Your task: Copy the data that appears below exactly. Drop the pictures.

Excerpted records:
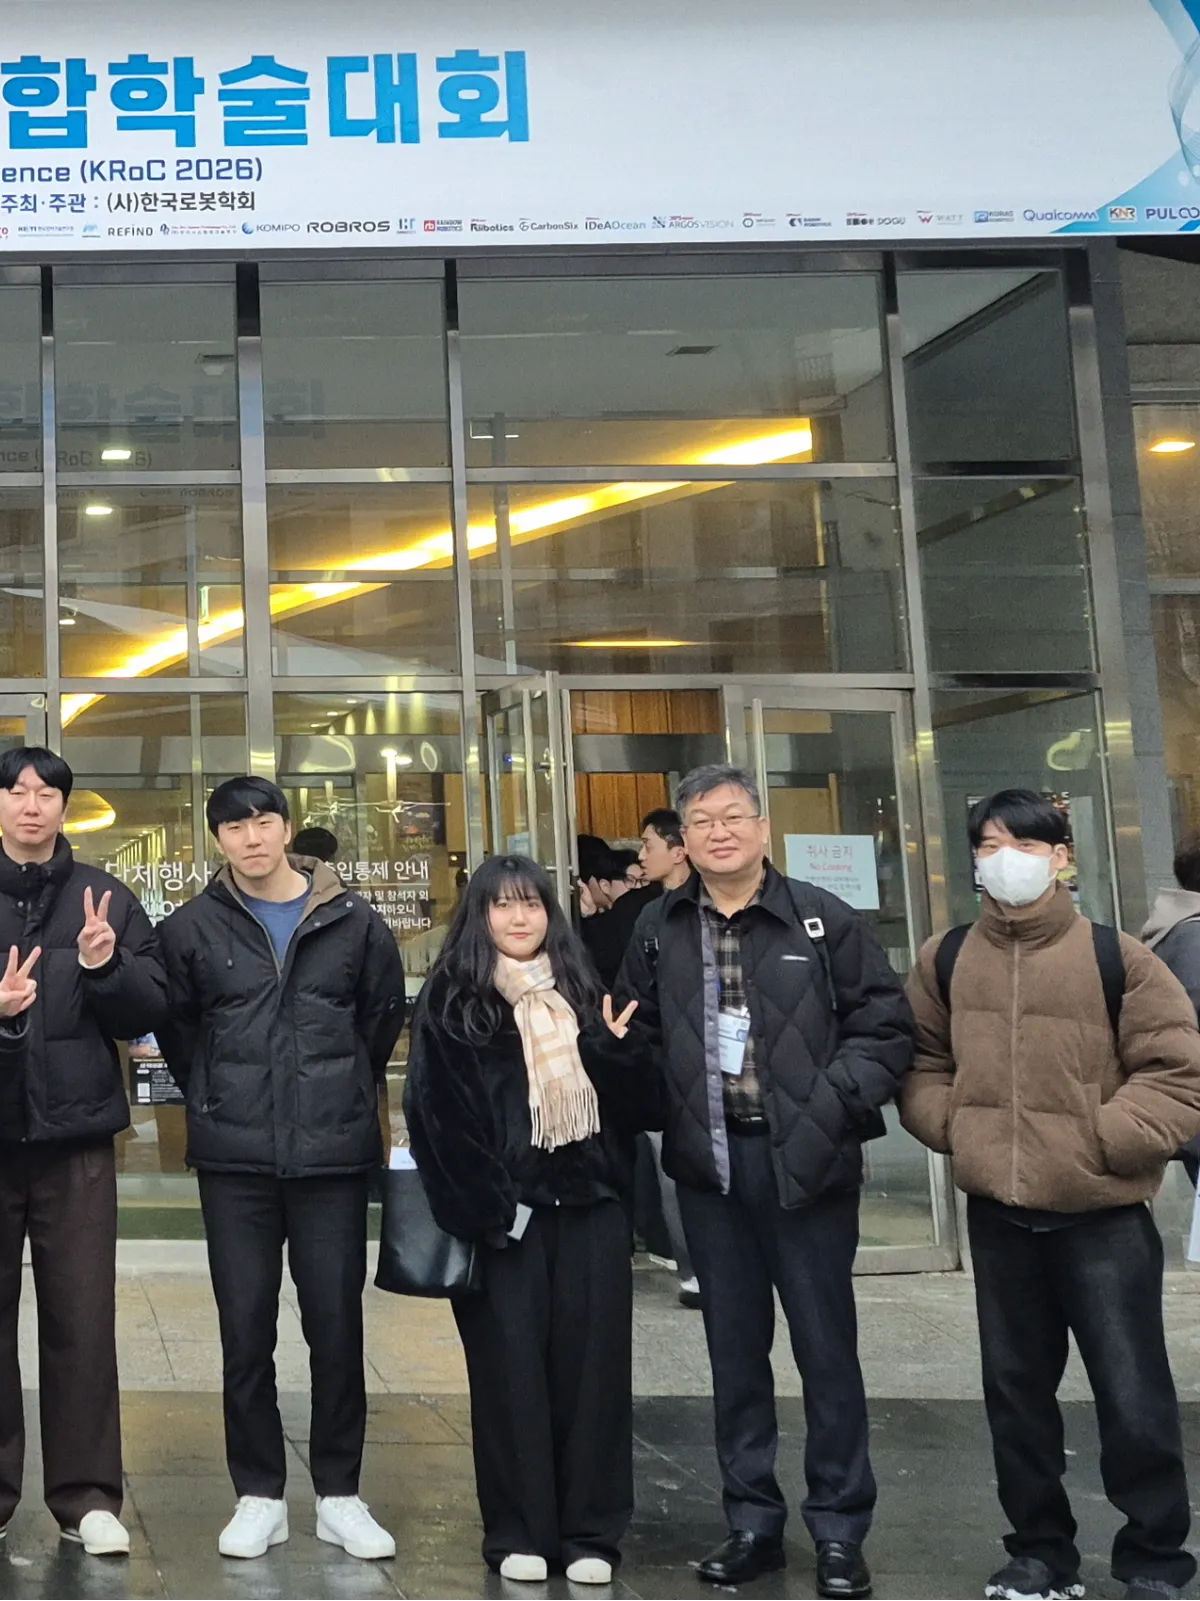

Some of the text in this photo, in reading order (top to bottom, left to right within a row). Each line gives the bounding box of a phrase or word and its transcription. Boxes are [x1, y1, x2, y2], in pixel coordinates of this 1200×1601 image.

[79, 158, 167, 184] (KRoC
[175, 157, 263, 184] 2026)
[0, 193, 87, 214] 주최·주관
[107, 190, 256, 213] (사)한국로봇학회
[1022, 208, 1099, 222] Qualcomm
[256, 223, 301, 232] KOMIPO
[306, 220, 391, 233] ROBROS
[530, 221, 579, 231] CarbonSix
[394, 860, 430, 881] 안내
[374, 889, 385, 902] 및
[387, 890, 416, 902] 참석자
[419, 890, 430, 902] 외
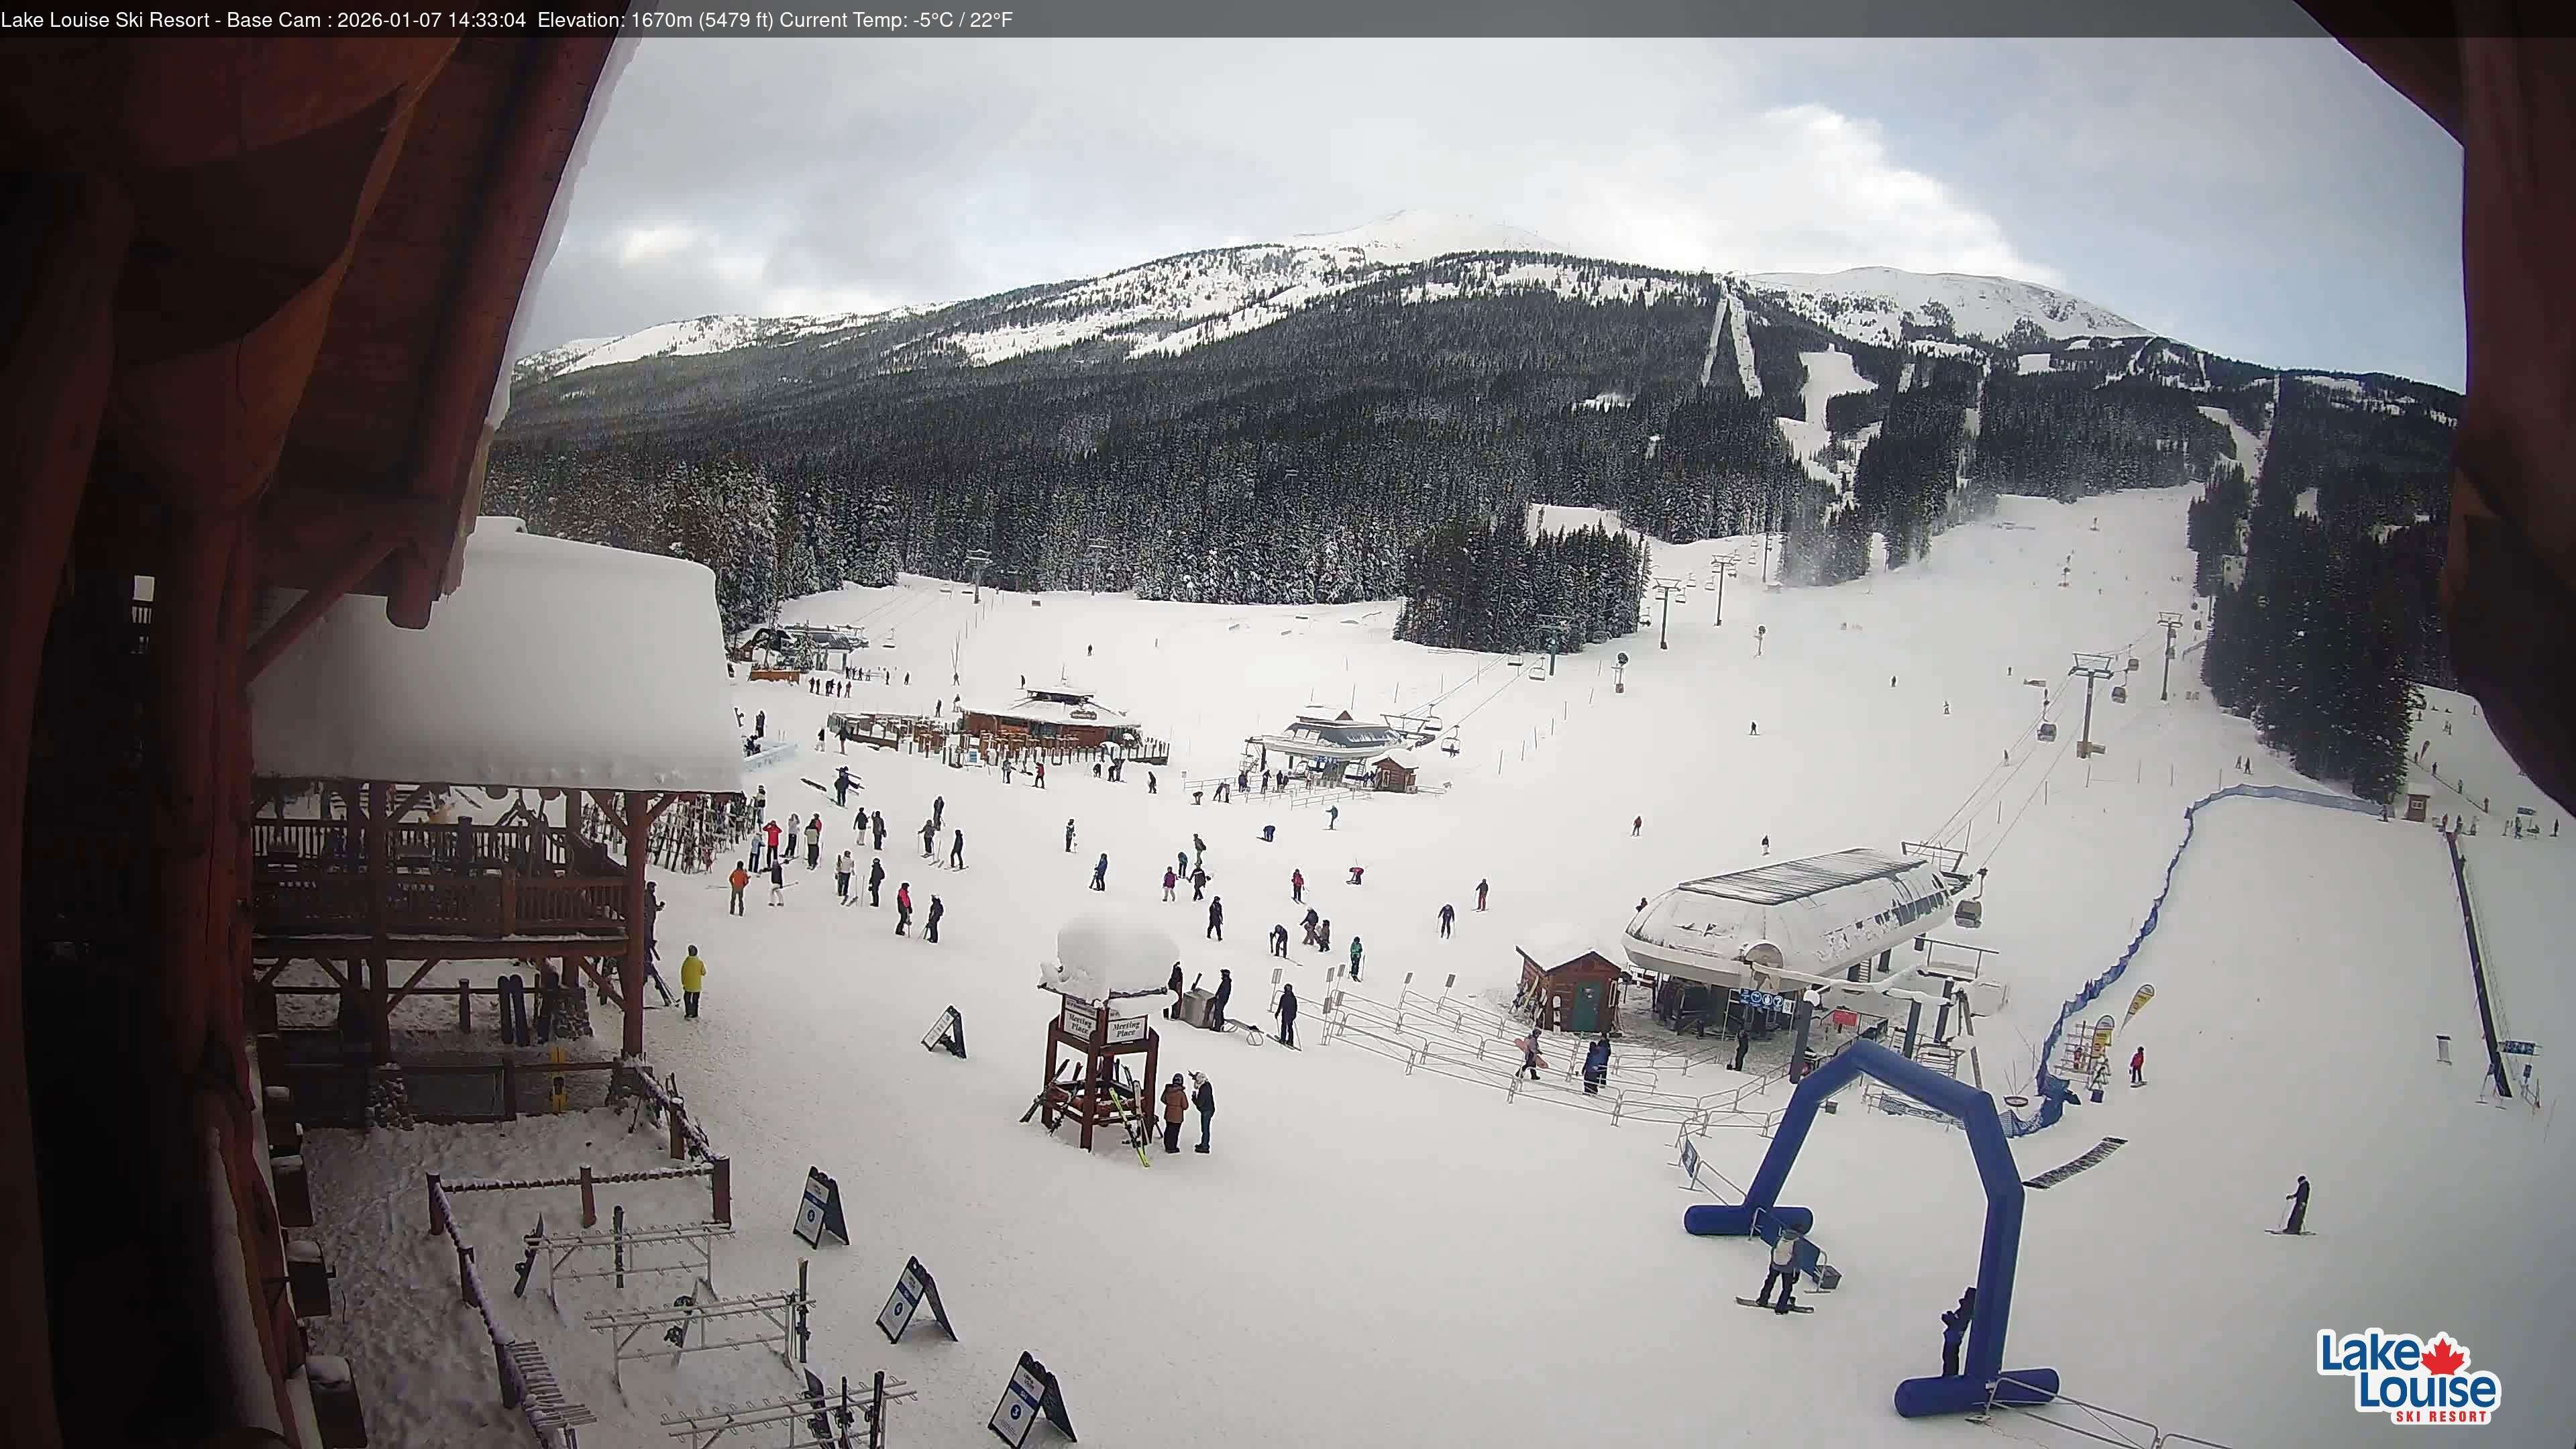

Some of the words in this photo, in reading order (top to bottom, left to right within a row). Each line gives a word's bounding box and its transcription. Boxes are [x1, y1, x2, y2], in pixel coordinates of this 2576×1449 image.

[1069, 1013, 1092, 1029] Meeting
[1112, 1020, 1140, 1031] Meeting
[1071, 1022, 1089, 1034] Place
[1116, 1030, 1136, 1038] Place

Answer area:
Some of the text in this photo, in reading order (top to bottom, left to right within a row). Each line gives the bounding box of a phrase or word and its transcription. Boxes are [x1, y1, x2, y2], in pixel coordinates of this 1200×1601 image.

[79, 158, 167, 184] (KRoC
[175, 157, 263, 184] 2026)
[0, 193, 87, 214] 주최·주관
[107, 190, 256, 213] (사)한국로봇학회
[1022, 208, 1099, 222] Qualcomm
[256, 223, 301, 232] KOMIPO
[306, 220, 391, 233] ROBROS
[530, 221, 579, 231] CarbonSix
[394, 860, 430, 881] 안내
[374, 889, 385, 902] 및
[387, 890, 416, 902] 참석자
[419, 890, 430, 902] 외

Some of the words in this photo, in reading order (top to bottom, left to right within a row). Each line gives a word's bounding box and its transcription. Boxes are [x1, y1, x2, y2], in pixel coordinates of this 2576×1449 image.

[1069, 1013, 1092, 1029] Meeting
[1112, 1020, 1140, 1031] Meeting
[1071, 1022, 1089, 1034] Place
[1116, 1030, 1136, 1038] Place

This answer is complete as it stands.